- TASK DIRECTIONS -
Would you transcribe the entries below word for word, omitting all images?

- DATA IN THIS EXERCISE -
......

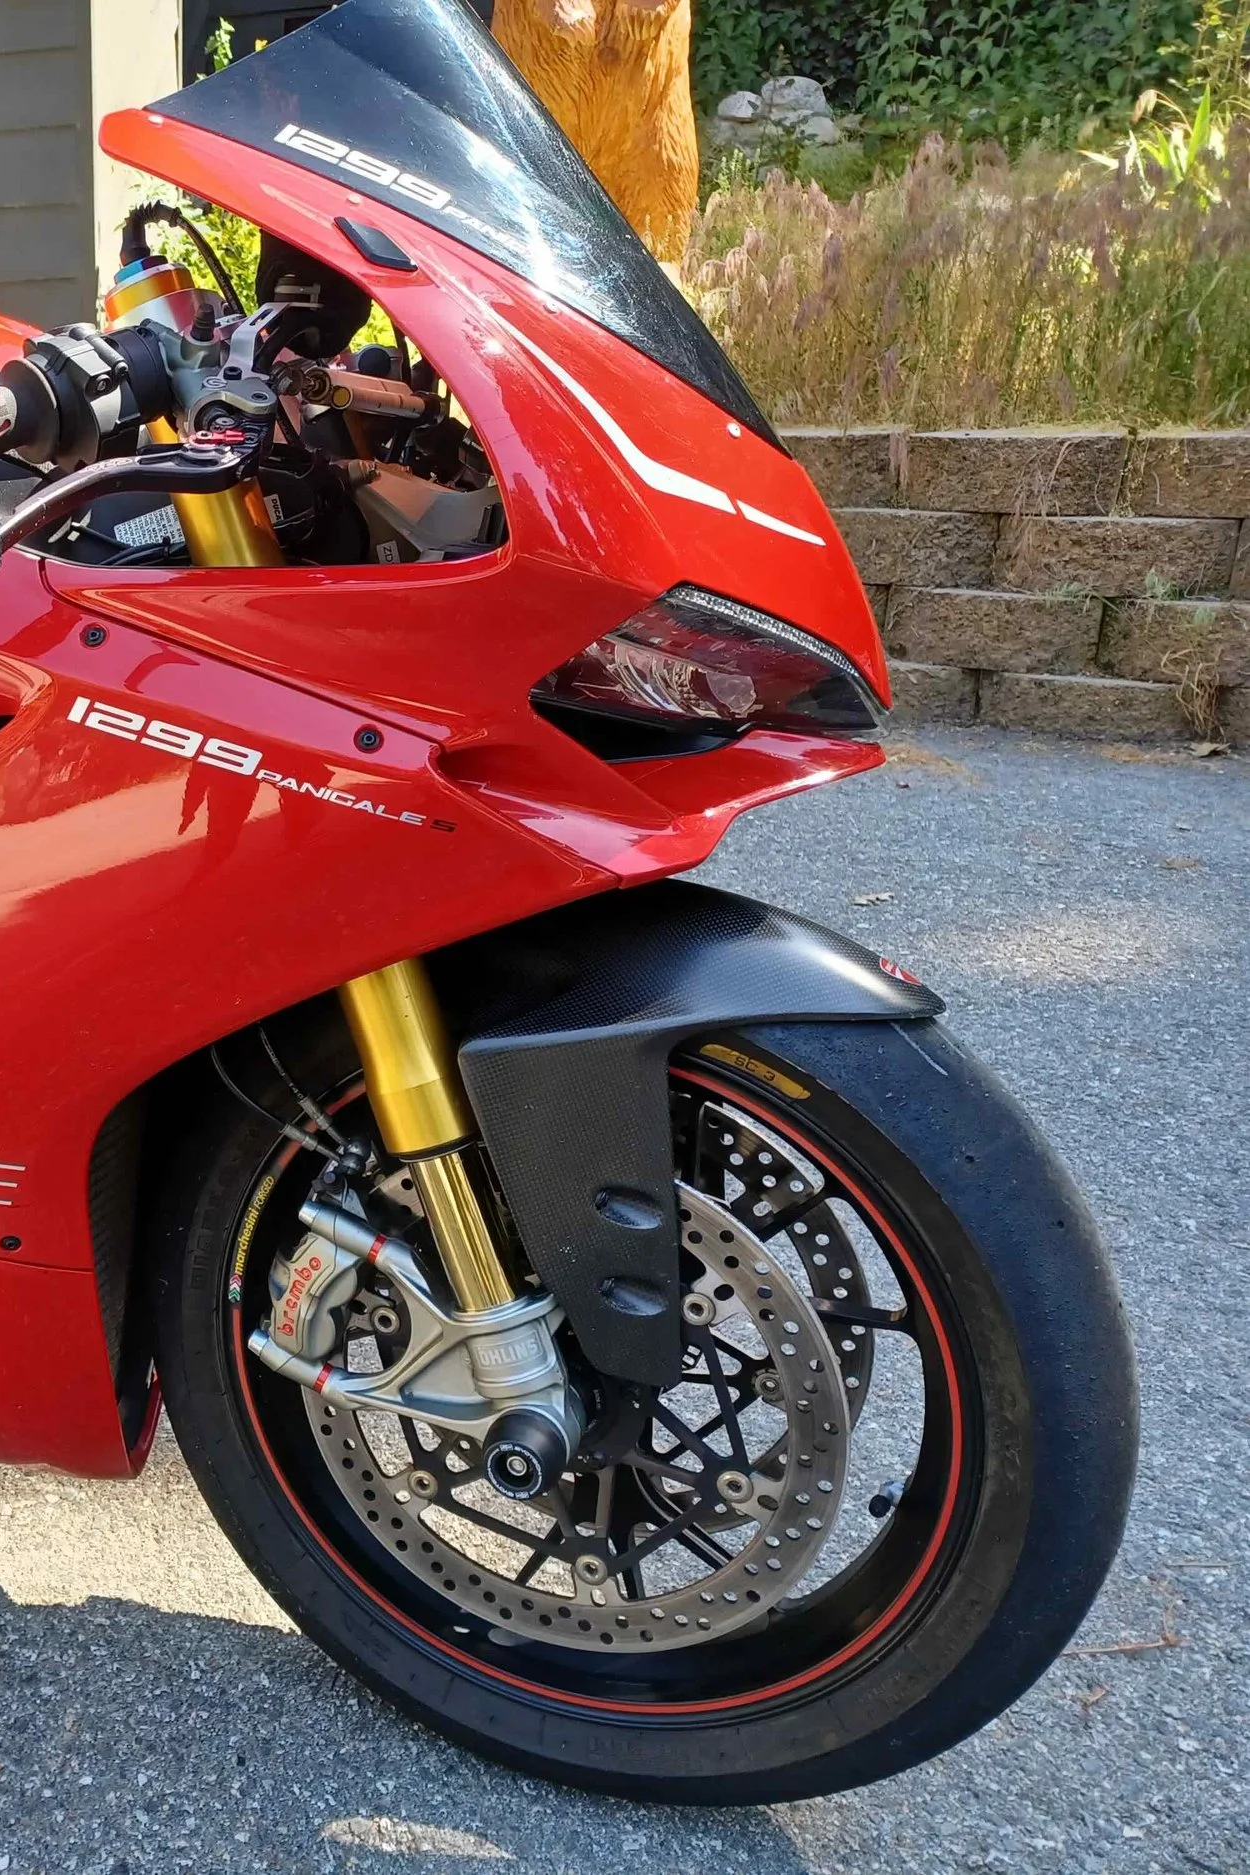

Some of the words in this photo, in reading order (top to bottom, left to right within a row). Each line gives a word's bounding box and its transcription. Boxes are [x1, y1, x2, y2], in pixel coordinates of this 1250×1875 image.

[274, 123, 451, 208] 1299
[67, 695, 263, 776] 1299
[255, 769, 427, 827] PANIGALE
[429, 818, 459, 833] S
[734, 1056, 758, 1073] SC
[763, 1070, 775, 1082] 3
[234, 1207, 259, 1276] marchesini
[253, 1175, 275, 1211] FORGED
[277, 1256, 321, 1337] brembo
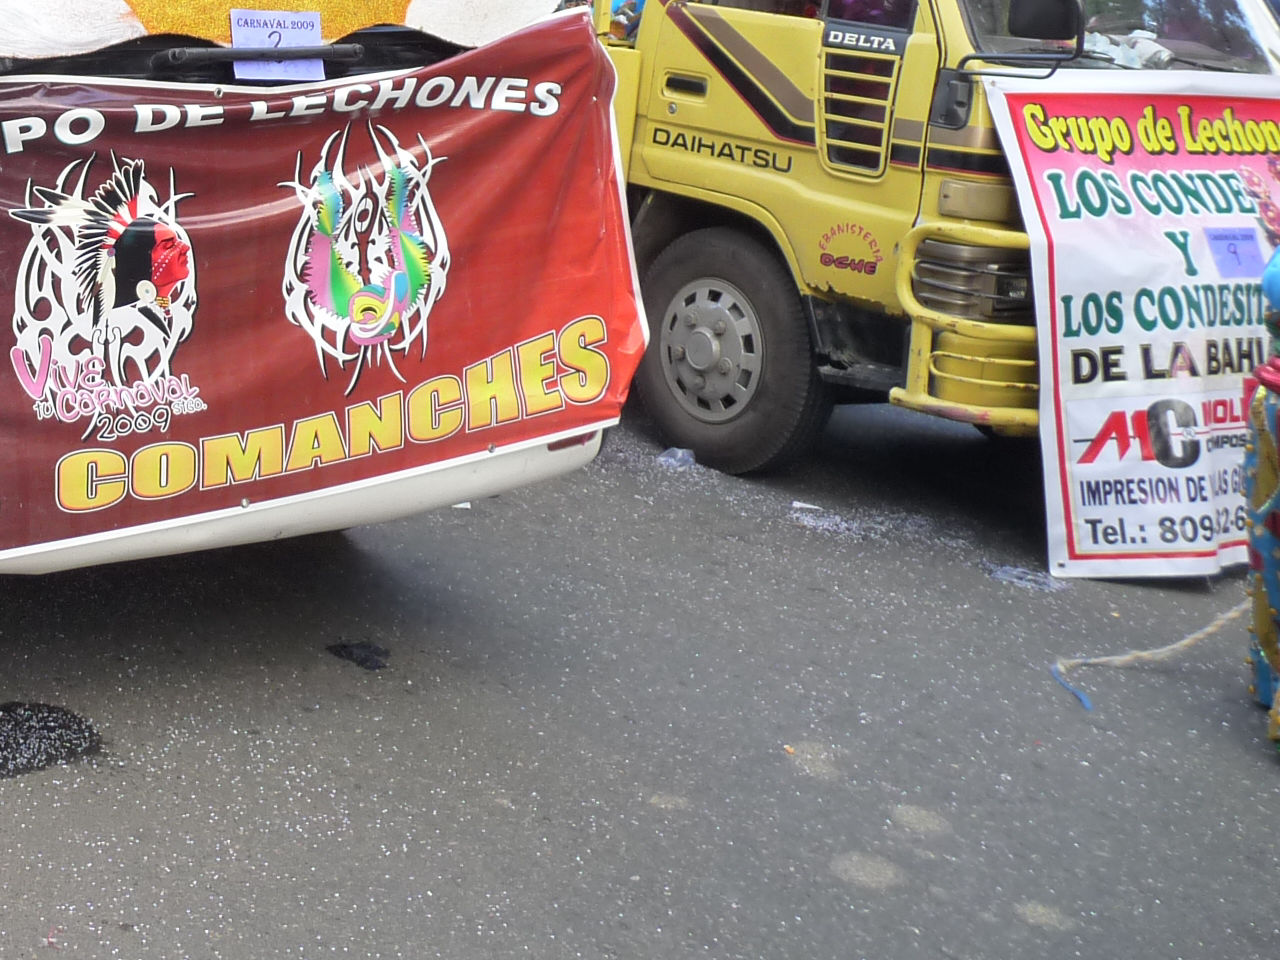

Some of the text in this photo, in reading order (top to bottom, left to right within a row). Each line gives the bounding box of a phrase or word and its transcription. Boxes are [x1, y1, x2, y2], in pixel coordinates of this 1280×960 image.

[237, 17, 315, 31] CARNAVAL 2009
[828, 30, 896, 50] DELTA
[133, 104, 225, 133] DE
[249, 76, 563, 117] LECHONES
[653, 127, 793, 173] DAIHATSU
[1022, 103, 1280, 164] Grupo de Lechon
[1046, 169, 1133, 220] LOS
[1163, 230, 1199, 277] Y
[1227, 242, 1241, 266] 9
[1060, 290, 1124, 338] LOS
[1070, 345, 1128, 385] DE
[1139, 341, 1201, 380] LA
[55, 315, 611, 513] COMANCHES
[96, 406, 171, 441] 2009
[1080, 478, 1182, 507] IMPRESION
[1186, 476, 1208, 503] DE
[1085, 517, 1148, 545] Tel.:
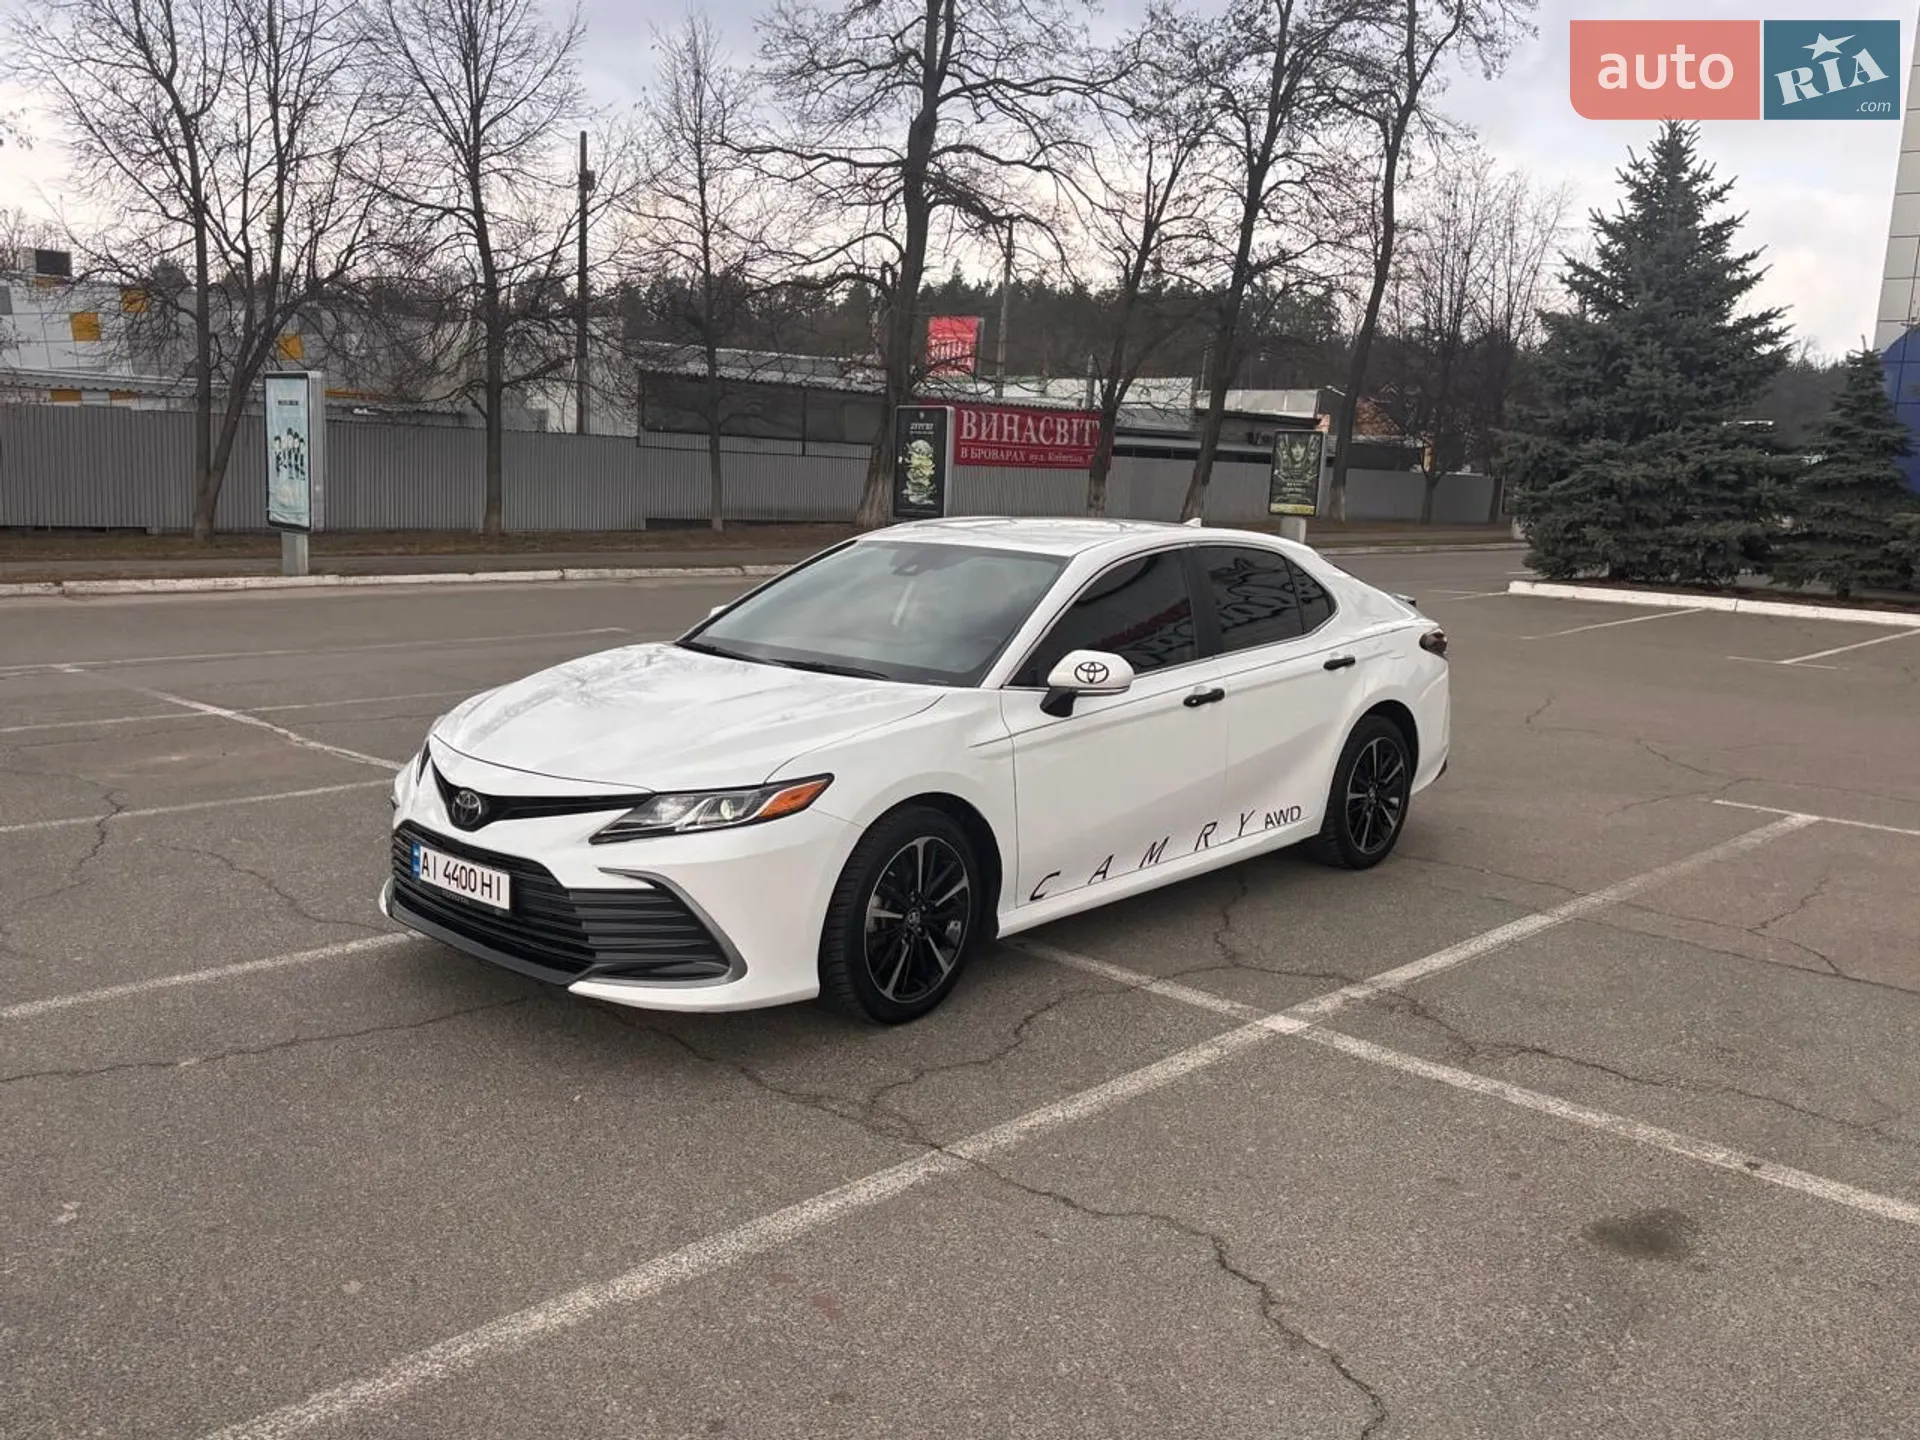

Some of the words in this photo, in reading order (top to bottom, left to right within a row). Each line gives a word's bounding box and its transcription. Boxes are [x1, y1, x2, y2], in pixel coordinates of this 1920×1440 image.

[960, 409, 1101, 447] ВИНАСВІТ
[960, 447, 968, 459] В
[970, 448, 1027, 462] БРОВАРАХ
[1029, 809, 1256, 901] CAMRY
[1264, 804, 1302, 830] AWD
[421, 851, 437, 881] AI
[443, 860, 477, 893] 4400
[481, 871, 501, 902] HI

......

- TASK RESPONSE -
Some of the words in this photo, in reading order (top to bottom, left to right within a row). Each line gives a word's bounding box and its transcription. Boxes are [x1, y1, x2, y2], in pixel coordinates of this 1250×1875 image.

[274, 123, 451, 208] 1299
[67, 695, 263, 776] 1299
[255, 769, 427, 827] PANIGALE
[429, 818, 459, 833] S
[734, 1056, 758, 1073] SC
[763, 1070, 775, 1082] 3
[234, 1207, 259, 1276] marchesini
[253, 1175, 275, 1211] FORGED
[277, 1256, 321, 1337] brembo

Some of the text in this photo, in reading order (top to bottom, left to right within a row). Each line gives the bounding box of a phrase or word and its transcription. Boxes are [x1, y1, x2, y2], in pixel coordinates of this 1280×960 image.

[237, 17, 315, 31] CARNAVAL 2009
[828, 30, 896, 50] DELTA
[133, 104, 225, 133] DE
[249, 76, 563, 117] LECHONES
[653, 127, 793, 173] DAIHATSU
[1022, 103, 1280, 164] Grupo de Lechon
[1046, 169, 1133, 220] LOS
[1163, 230, 1199, 277] Y
[1227, 242, 1241, 266] 9
[1060, 290, 1124, 338] LOS
[1070, 345, 1128, 385] DE
[1139, 341, 1201, 380] LA
[55, 315, 611, 513] COMANCHES
[96, 406, 171, 441] 2009
[1080, 478, 1182, 507] IMPRESION
[1186, 476, 1208, 503] DE
[1085, 517, 1148, 545] Tel.:

Some of the words in this photo, in reading order (top to bottom, left to right within a row). Each line gives a word's bounding box and its transcription. Boxes are [x1, y1, x2, y2], in pixel coordinates of this 1920×1440 image.

[960, 409, 1101, 447] ВИНАСВІТ
[960, 447, 968, 459] В
[970, 448, 1027, 462] БРОВАРАХ
[1029, 809, 1256, 901] CAMRY
[1264, 804, 1302, 830] AWD
[421, 851, 437, 881] AI
[443, 860, 477, 893] 4400
[481, 871, 501, 902] HI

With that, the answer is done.